Here are some of his thoughts: 

On progressive politics and media: “The problem with veterans is we keep remembering our wars when we are supposed to join everyone else in forgetting them. Today, I experienced that gap most viscerally in … liberal or progressive politics in particular where celebrated commentators like Rachel Maddow and Lawrence O'Donnell fail to cover America's ongoing wars and the roles some of their favorite guests have played in launching and expanding them." Most TV and media commentators, “buy into this idea, I like to think of it as kind of like hegemony of American righteousness, that America makes mistakes, they do things that are wrong in retrospect, but overall America is the good guy. And as long as you keep on believing that, then you're going to be inclined to continue to support America's foreign policy and their wars and their arms dealings and all the rest.”

On veterans: “Some who don’t see combat are true believers in war…On the front lines where people were actually dying, and we were actually killing people, in my mind and the minds of everyone that I serve with, we were all disillusioned.
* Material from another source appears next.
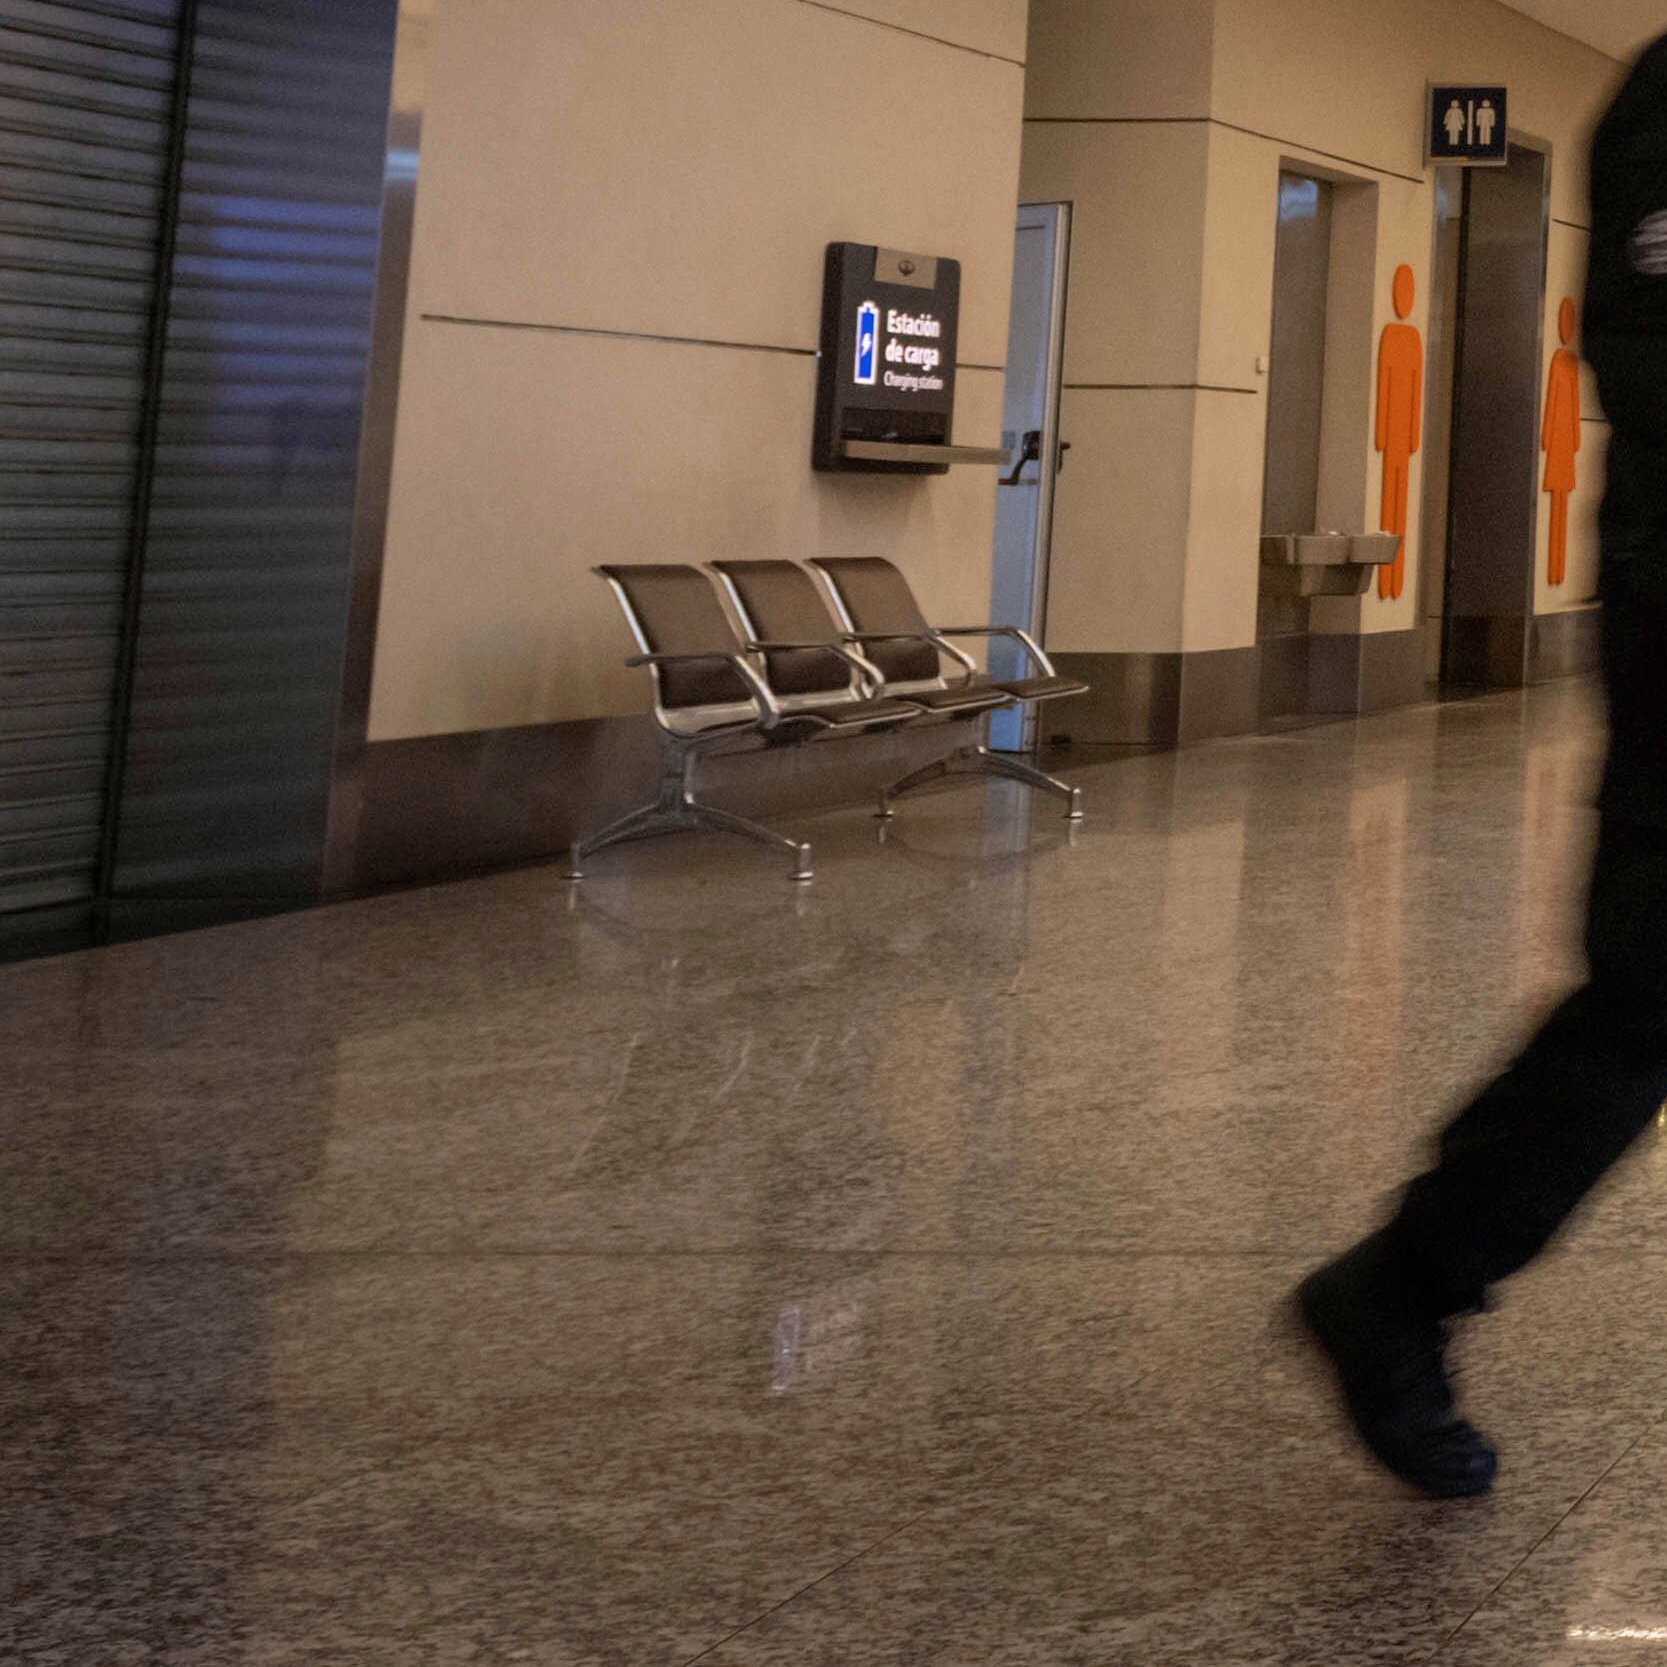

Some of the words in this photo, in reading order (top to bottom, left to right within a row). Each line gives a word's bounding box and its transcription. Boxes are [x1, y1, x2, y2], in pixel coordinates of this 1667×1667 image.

[887, 308, 940, 338] Estación
[885, 338, 904, 363] de
[904, 345, 940, 371] carga
None of us really believed in the mission…to the extent that we believed in anything...we just believed in saving our ass and saving the person to our left and our right. That's really what it came down to. This is something else that I would love journalists to look more into.” He said, “there have been studies… and polls that have been done that do point toward a kind of mass disillusion, or mass apathy on the part of veteran and active duty community, particularly those that have been in combat.”
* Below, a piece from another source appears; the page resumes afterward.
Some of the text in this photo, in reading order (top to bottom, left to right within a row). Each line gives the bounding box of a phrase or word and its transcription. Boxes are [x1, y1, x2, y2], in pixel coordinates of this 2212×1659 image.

On Patriotism: “Veteran friends I know, both on the left and the right, I mean, even my conservative and right-wing and even pro Trump veteran friends from the past, we all…are somewhat disgusted by the way that we're used as political props” in public displays of patriotism such as at professional sporting events.

On the corrupting influence of arms dealing in US foreign policy: “You know, the one subject that is just not talked about at all is the global arm trade. It's really a US-led global arms trade and you can take almost any conflict and any kind of massive violence on the earth right now and in one way or another you can trace it back to American arms trades and arms deals. I mean we are by far the biggest arms dealer in the world. And a lot of the enemies, the official enemies that our government has [were ]in one way or another created by this arms deal… We're making a lot of money by selling [Saudi Arabia] arms that are being used in a genocide in Yemen. And the discussion's just nowhere to be found.”
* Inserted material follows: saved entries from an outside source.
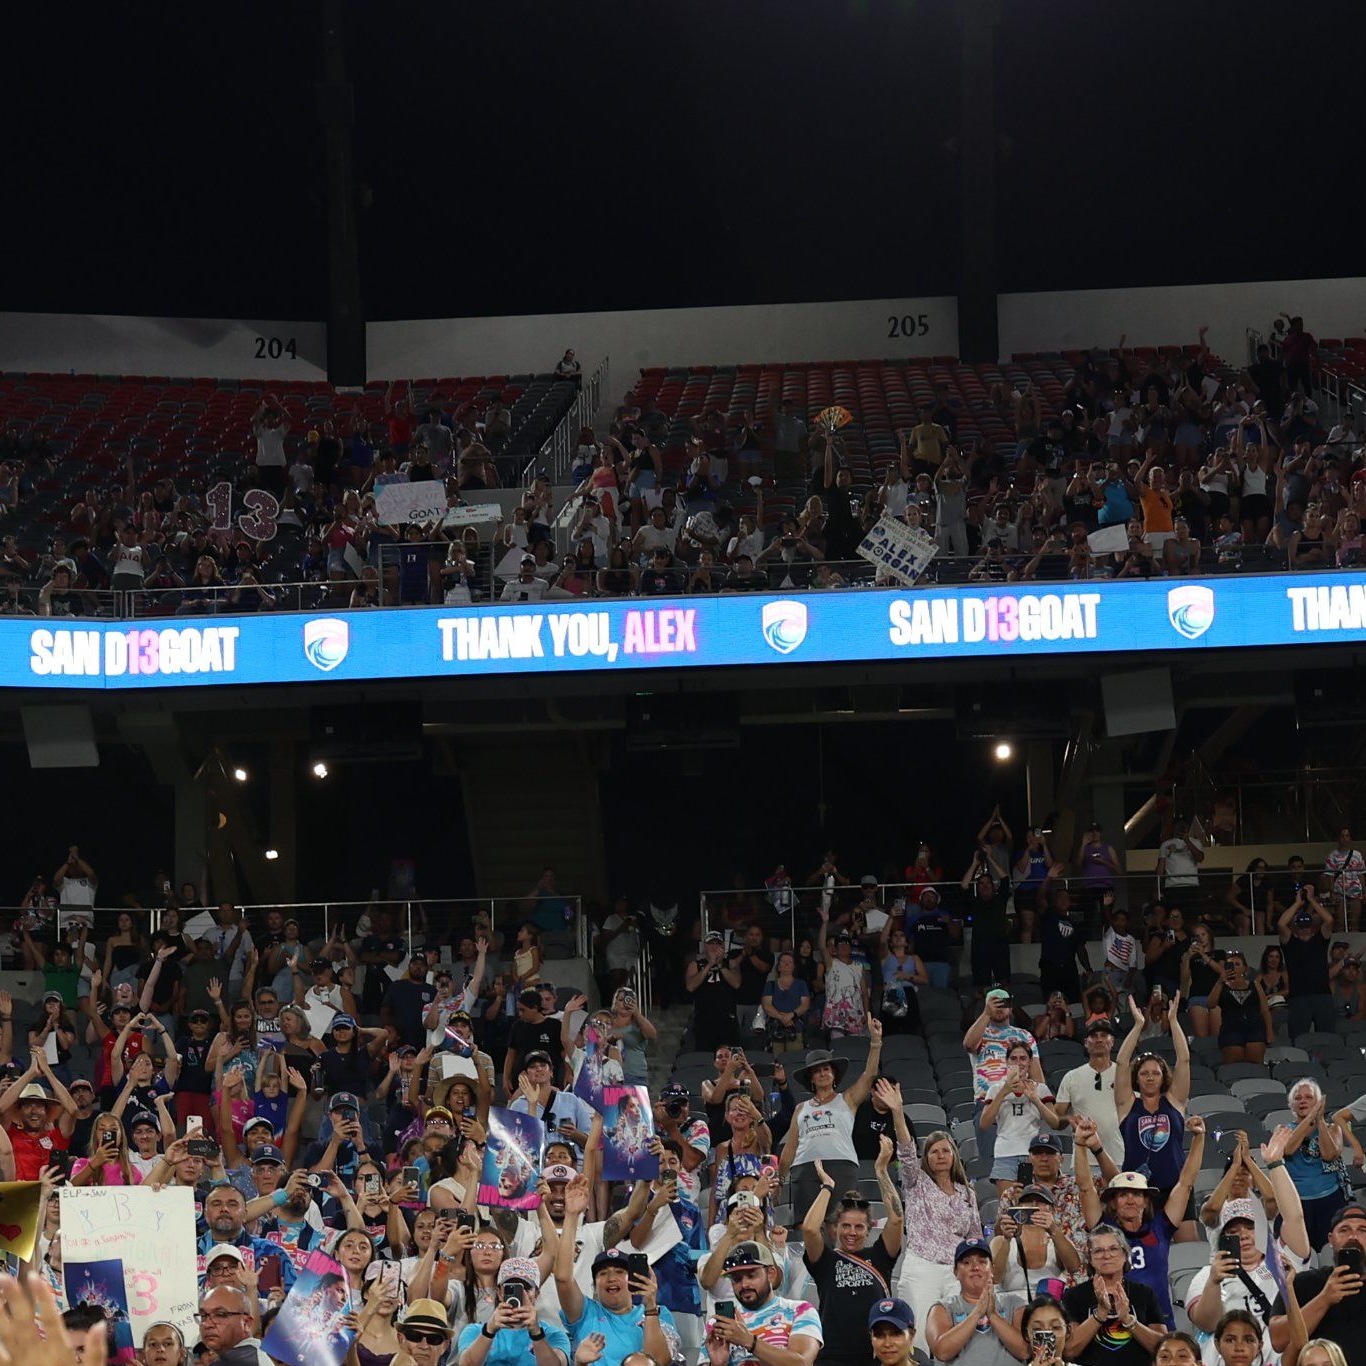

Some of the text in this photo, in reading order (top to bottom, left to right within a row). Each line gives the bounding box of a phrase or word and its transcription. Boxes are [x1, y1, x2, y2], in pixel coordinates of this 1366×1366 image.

[887, 314, 930, 339] 205
[254, 337, 297, 361] 204
[206, 481, 280, 542] 13
[408, 507, 440, 519] GOAT
[860, 538, 920, 580] MORGAN
[878, 537, 919, 566] ALEX
[890, 594, 1100, 645] SAN D13GOAT
[438, 609, 697, 662] THANK YOU, ALEX
[31, 627, 239, 675] SAN D13GOAT
[1011, 1102, 1024, 1116] 13
[1129, 1246, 1146, 1270] 3
[836, 1279, 874, 1288] SPORTS.
[169, 1302, 196, 1315] FROM
Trump’s benign response to the Khashoggi assassination: “This is where I think Trump was right when he talked about why the United States wasn't going to do much in response to the assassination of the Saudi Arabian journalist; there's a lot of jobs on the line when it comes to these arms deals,” with Saudi Arabia’s intent to purchase arms from the United States totaling $110 billion immediately and $350 billion over 10 years. [1]

On Americans:

 “I think there’s a certain kind of overcompensation that’s going on.  I think a lot of Americans at some level know that these terrible wars are going on, they know that they've done nothing to really learn about them, to question them, to maybe stop them, and I think at some subconscious level, the kind of hyper-patriotism that we've seen is a reflection of this deeper sense of guilt or inaction or thoughtlessness.”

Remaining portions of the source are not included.